The Tribunal orders that:

  1. The decisions under review be remitted to the Respondent for reconsideration pursuant to section 42D of the Administrative Appeals Tribunal Act 1975.

  2. The period within which the Respondent is to reconsider the decisions under review is the period of 56 days, beginning on the date of these orders.

    ................[SGD]................

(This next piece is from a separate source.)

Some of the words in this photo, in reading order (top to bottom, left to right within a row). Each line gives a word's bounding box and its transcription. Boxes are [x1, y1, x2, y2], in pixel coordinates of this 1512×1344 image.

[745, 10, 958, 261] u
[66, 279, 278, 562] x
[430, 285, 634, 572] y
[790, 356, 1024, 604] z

    Justice D Kerr, President

    Catchwords

    Cancellation of registration of products containing dextropropoxyphene (DPP) – Whether quality, safety or efficacy is unacceptable within meaning of the Therapeutic Goods Act – Decision under review remitted to the Minister for Health and Ageing for further consideration.  Order staying the operation or implementation of the decision so remitted ‘until further order’ – Whether the Tribunal remains seized of the proceeding when remitted under section 42D – Stay remains in force.

    Legislation

    Administrative Appeals Tribunal Act 1975, Sections 41(2), 42D(3), (4), (8), 43AA

    Cases

    Yolbir v Administrative Appeals Tribunal (1994) 48 FCR 246

    Civil Aviation Safety Authority v Hotop (2005) 145 FCR 232

    WorldAudio Ltd v Australian Communications Media Authority (2006) 194 FCR 462

    REASONS FOR DECISION

    Justice D Kerr, President
    Dr T Nicoletti, Member

    21 June 2012

  3. On 15 June 2012, the Tribunal published its reasons for taking the view that it would hear counsel as to the remittal of this matter, pursuant to section 42D of the Administrative Appeals Tribunal Act 1975 (the Act), to the delegate of the Minister for reconsideration.  Our intended approach, subject to submissions, was as set out in paragraph 103 of Aspen Pharmacare Australia Pty Ltd and Minister for Health and Ageing [2012] AATA 362.

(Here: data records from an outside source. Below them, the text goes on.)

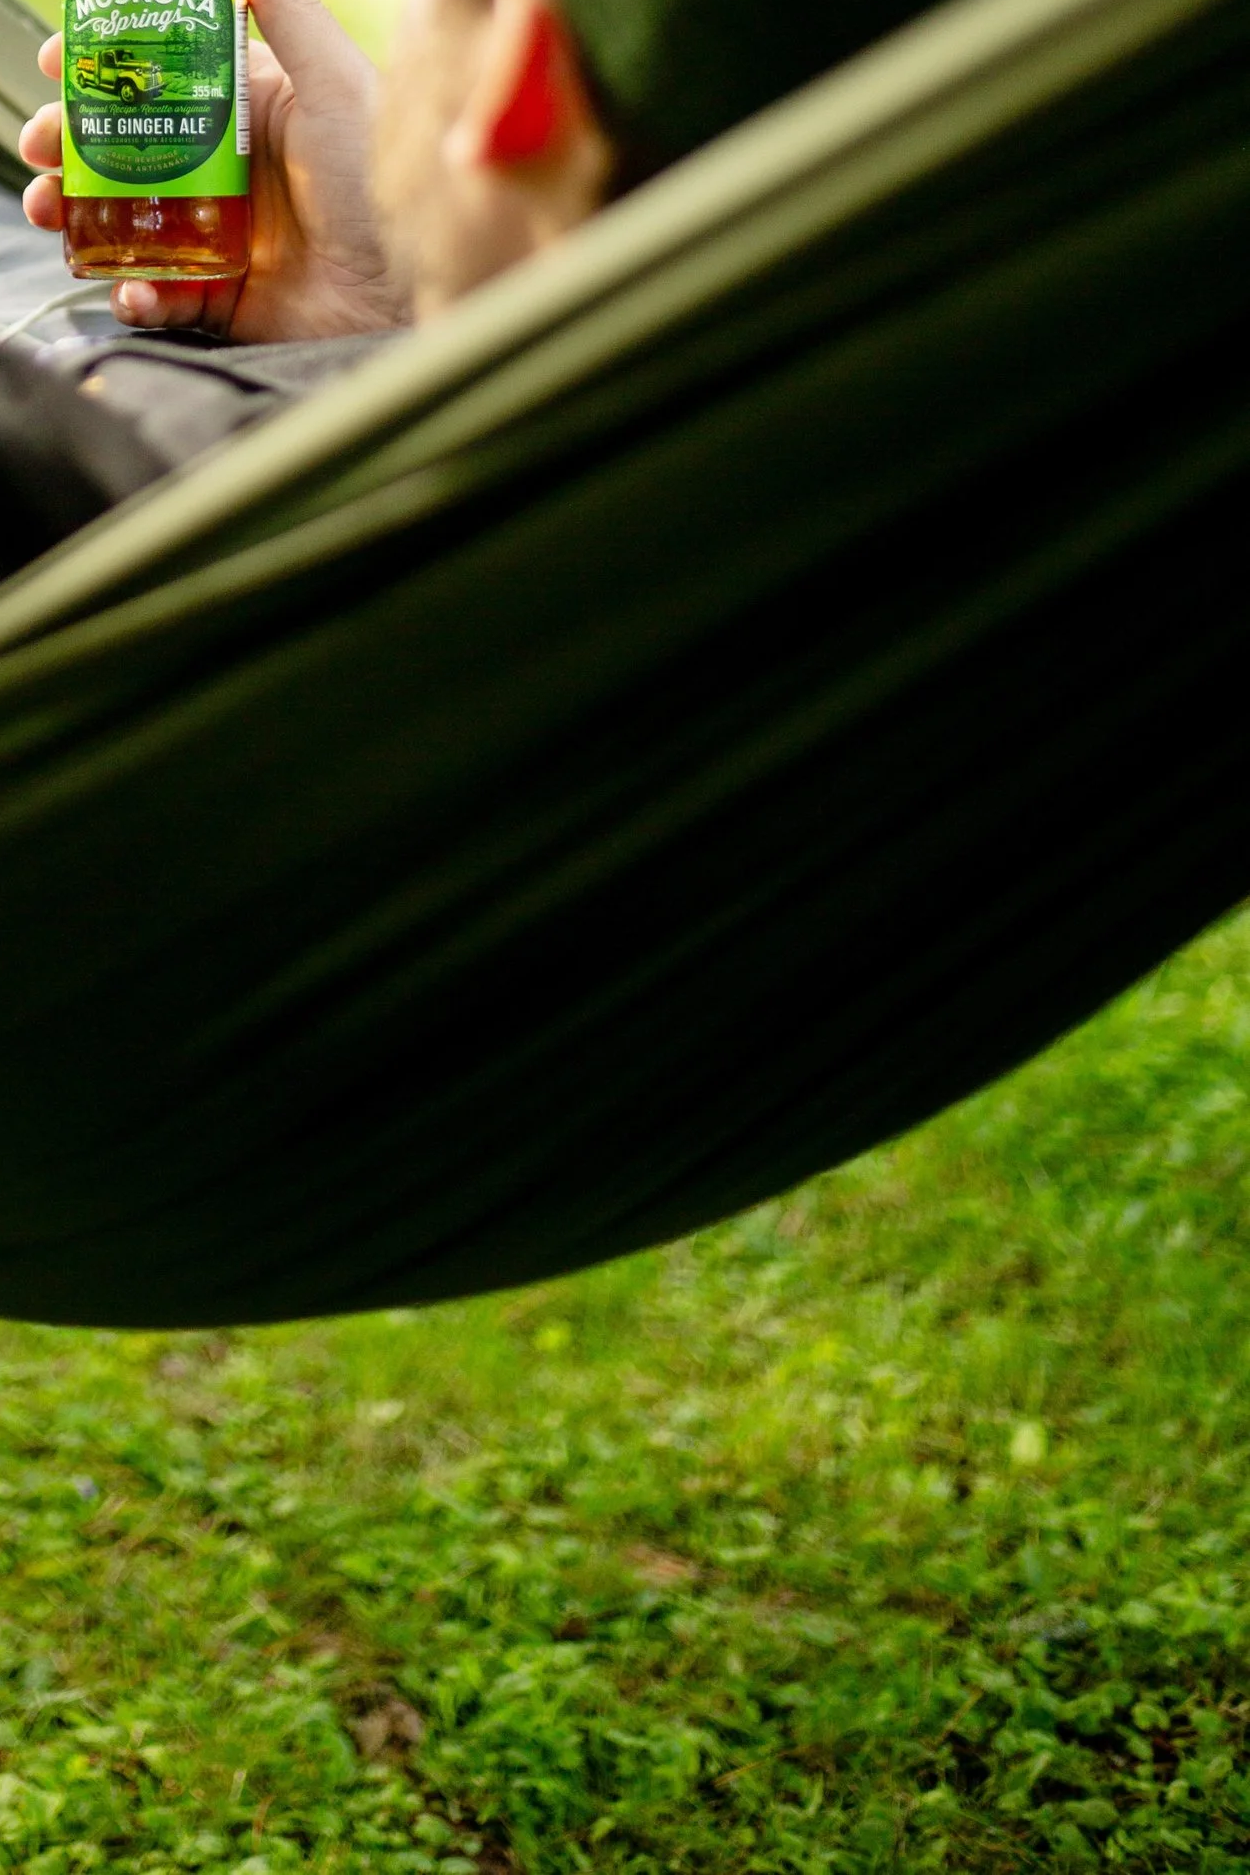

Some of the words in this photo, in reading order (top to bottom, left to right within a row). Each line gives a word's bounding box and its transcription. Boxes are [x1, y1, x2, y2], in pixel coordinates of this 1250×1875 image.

[93, 6, 196, 38] Springs
[192, 86, 210, 98] 355
[78, 104, 108, 116] Original
[109, 104, 137, 116] Recipe
[141, 104, 173, 116] Recette
[174, 104, 211, 115] originale
[81, 117, 112, 135] PALE
[117, 117, 174, 135] GINGER
[179, 117, 207, 135] ALE
[96, 154, 133, 171] BOISSON
[135, 152, 191, 172] ARTISANALE
[106, 150, 133, 162] CRAFT
[134, 149, 178, 163] BEVERAGE

  4. In response, Mr Lloyd SC for the Applicant submitted that there were three possible ways in which the Tribunal could address the conclusions that it had drawn. 

  5. The first would be to simply allow a period where there would be informal negotiations between the parties, rather than make a formal remittal under section 42D of the Act.

  6. That was Mr Lloyd’s preferred position.  He submitted that it would permit the opportunity for discussion between the parties, avoiding any possibility that the Respondent might make announcements flowing from such a remittal which might confuse the market.

  7. The second option was that the Tribunal might set aside the decision and substitute another decision on conditions.  Mr Lloyd SC indicated that neither party thought that that was an appropriate course to follow.

  8. The third option was that which had been identified by the Tribunal.

  9. The Applicant indicated that there was agreement between the parties that if that option was followed then instead of the default 28 day period, the Tribunal should substitute a longer period where 56 days would be allowed for a decision to be reached.

  10. Dr Renwick SC for the Minister submitted that the approach foreshadowed by the Tribunal was appropriate.

  11. The concern expressed by Mr Lloyd SC in relation to that proposal was that there could be some risk that a decision would be announced by the Minister through the course of such proceedings which might, in some manner, prejudice the Applicant.  However, the Tribunal is not able to identify any significant prejudice that would be likely in those circumstances. 

  12. Both sides agree that the Tribunal’s power to continue a stay exists and that the stay in the present proceedings, that is currently in place ‘until further order’, would not be vitiated by its exercise of power under section 42D of the Act.

  13. If the Respondent was to affirm the decision, the matter would return to the Tribunal pursuant to section 42D(8) and the proceeding resumes. If the decision is varied, and the variations are such that the Applicant remains unsatisfied with that circumstance, it returns to the Tribunal pursuant to the provisions of subsections 42D(3) and (4).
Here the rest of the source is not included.